I'm looking for a burner to power my new forge and was wondering what temps you can realize with this burner? I realize Forge design has a lot to do with the final temps achievable, however I have used a design I did but cant get to yellow steel and welding temps with steel. Just curious, welcome.


----------



## PeterT (Apr 28, 2018)

Not sure if this link is helpful but might be a start. https://jacobs-online.biz/wire-xformer_selection.htm

They offer nichrome cutting wire, ribbon (flat section) resistance wire & electrical do-dads for power supply components. I used to do quite a bit of hot wire polystyrene foam cutting for RC components, but that might be a different than your application. Is it basically a grid row of wires that warms up an area to heat the plastic? Anyway, they have a calculator App that might help you determine what you are looking wire & power wise to deliver X amount of heat.


----------



## Dogpounder (Sep 16, 2018)

Hello Ivy
Any chance you have a set of plans for your forge burner? Just starting to build new forge for my shop.


----------



## Ivy Tech Tool-Smith (Jul 14, 2019)

Hi all, apologies for the delayed response. 
For anyone looking to learn how to build their own Naturally Aspirated Ventury Burner, Mike Porter's book "Gas Burners for Forgers, Furnaces and Kilns" is basically a manual detailing how to build a few different ventury burner variations utilizing components that can be sourced from most any hardware store. 
Using Mike's book to ultimately produce a functional propane burner not only gives the DIY builder an extremely versatile game-changing tool, but the knowledge and experience gained in that endeavor will provide a solid foundation for further research into burner design.


----------



## Ivy Tech Tool-Smith (Jul 14, 2019)




----------



## Ivy Tech Tool-Smith (Jul 14, 2019)

This schematic differs from my design on a few components, #9, #16, #4b (Mine has 3 set screws, M5 size, spaced evenly around Part #4b to adjust accelorator aim down the barrel.
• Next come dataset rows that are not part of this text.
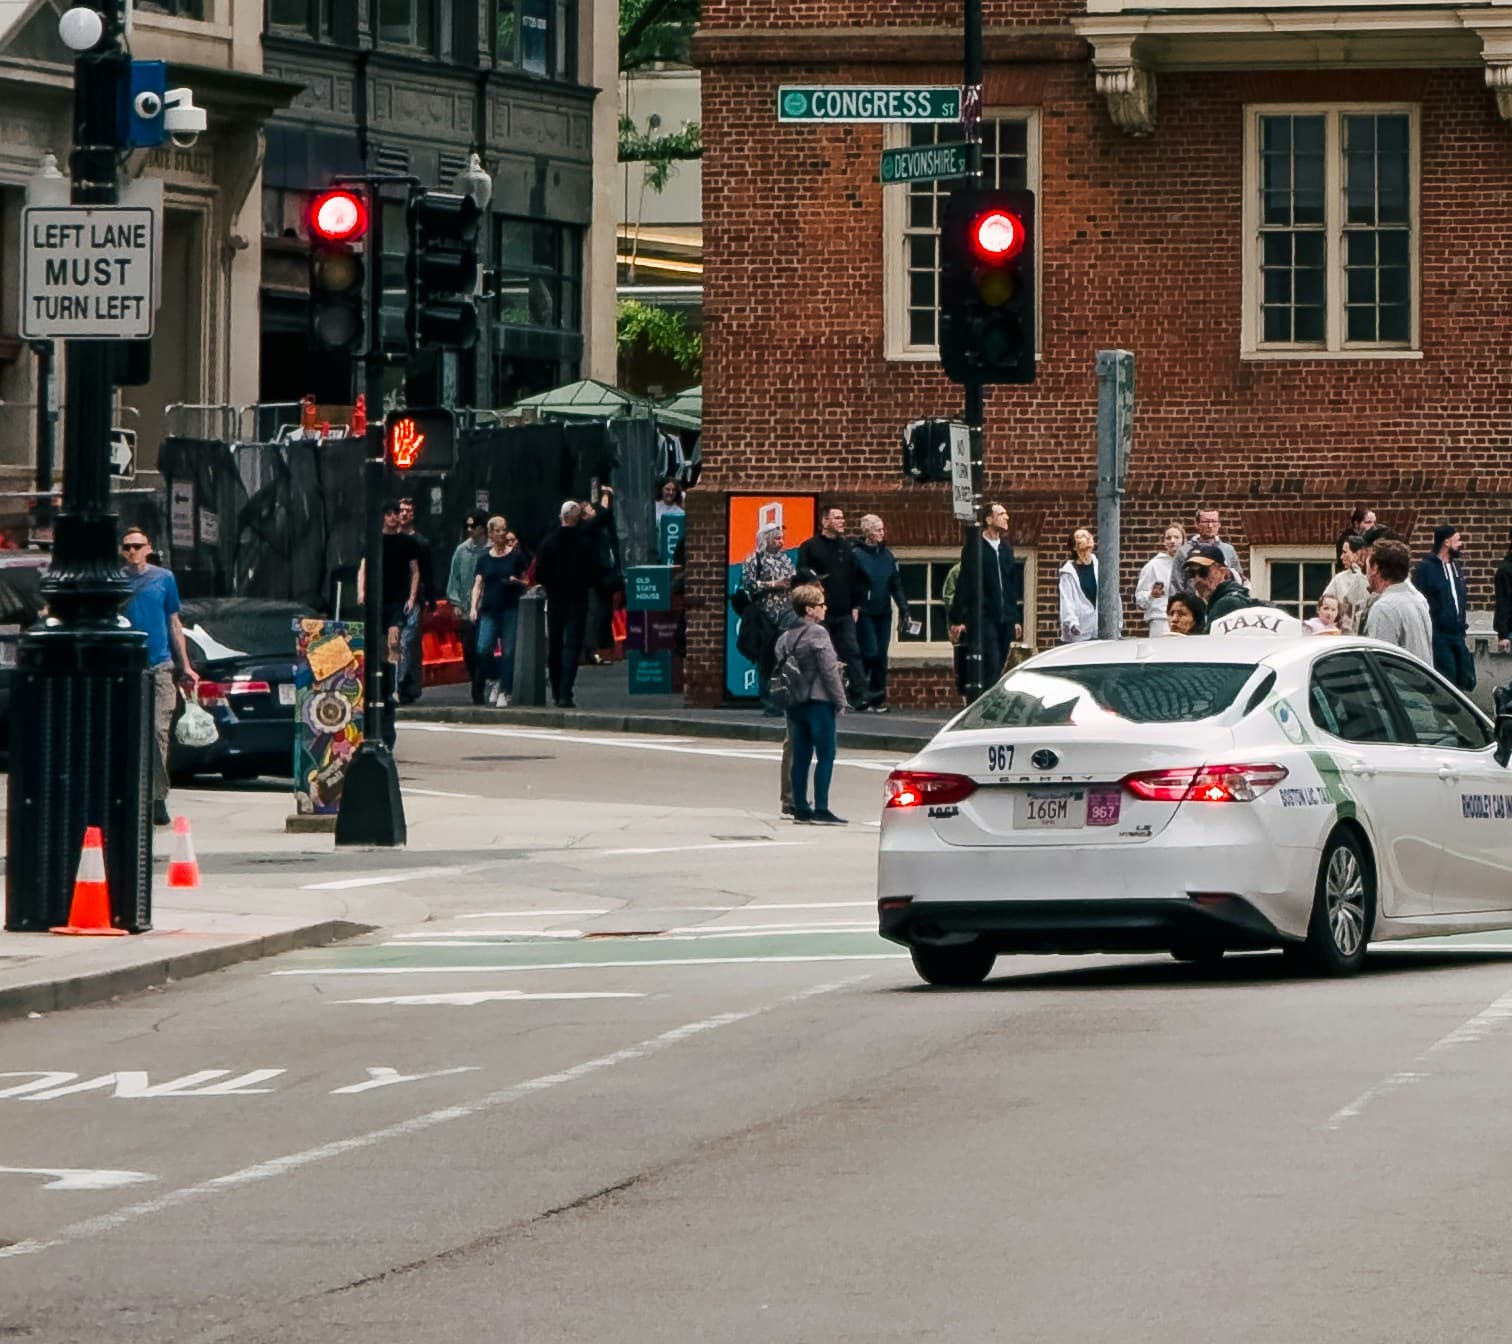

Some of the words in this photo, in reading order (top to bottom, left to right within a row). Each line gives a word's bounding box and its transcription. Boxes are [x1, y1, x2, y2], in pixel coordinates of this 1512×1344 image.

[811, 91, 932, 117] CONGRESS
[941, 102, 955, 117] ST
[893, 148, 957, 178] DEVONSHIRE
[33, 224, 85, 249] LEFT
[91, 224, 147, 249] LANE
[45, 258, 132, 286] MUST
[32, 295, 89, 320] TURN
[95, 295, 145, 320] LEFT
[1218, 615, 1284, 635] TAXI
[988, 745, 1015, 772] 967
[1027, 800, 1068, 820] 16GM
[1091, 806, 1116, 819] 967
Having a linear accelorator connection in line with the gas line will reduce turbulance from tight 90 degree turns. 2) Use set screws to lock any adjustable sliding components, like the 1/8"accelorator which slides through the bored 1/2" Brass Hex Numbered Part #19. 
 I am currently at Burner generation #5, each 'Gen' up represented a major revision/design shift that drastically improved usability, function, or uniform production of highly modified/self manufactured parts. But i was benchmarking efficiency, stability, & combustion BTUs neck and neck with one of the hybrid burner models (and my burners are made using no lathe processes, no milling, mostly un-modified plumbing cast iron. compare that to the hybrid burners all out machining procedures in burner production. Thats the jist of why things got competitive  good times), 
I almost surpassed, ok, match their 3/4" burner in terms of efficiency, but their design eeked out the win with flame stability 0.2 psi under my 1 psi minimum flame stability. But that level of efficiency & perfection is stupid elite, literally. By using the established dimensional metrics of the burner components anyone caan acheive a functional, self regulating air to fuel ratio, venturi burner, but to elevate a burners caliber from functional to efficient and extremely stable (refering to flame holding ability w/o popping etc), it takes more than having the basic dimensional metrics worked out. . .
(An Aside defining what is meant by 'burner form metrics': Since the ventury effect is physics based there is therefore a relational connection between the dimensions of a burners components. By holding a burners structural design closer to the known relational calculated/theoretical form, the burner is more likely to perform better as a system; with each component performing to support the systems function & stability, aka burn stability. And thus allowing for the burner to perform with effortless functionality and broad versatility.)
. . . The relation b/t component dimensions  provides a great spring-board to get some raw functionality of a burner design locked in. This will give the burner enough usability to function, but it will be maximum 70% to 80% dialed-in (So it will be still pretty twitchy/temperamental). But as modifications are made to correct design flaws, the methods for producing those modified components must be able to produce identical component, modified or otherwise, any time.
Because no matter how few burners a person builds, without the ability to duplicate components (especially improved components) there can be no testing of better or worse function, due to un-mitigated variations in form factor, that more or less will cause a lack of control and obscured perception in a side by side comparison of old vs modified burner function.

*Duplicate-ability!* A cornerstone of the scientific method. Variables that are controlled, uniform, and the modifications, or manipulated variables. Wavering from this strict rule can domino quickly, until minute discrepancies compound to cause catastrophic effects, and the only solution then is back-tracking and re-manufacturing. To build upon any modification based improvement of an assemblies design, a 'form factor standard' & performance standard must be maintained, before and after each improvement or upgrade, so the subjects, in this case the burners, are prepped and comparable, for testing the next mod or improvement.


----------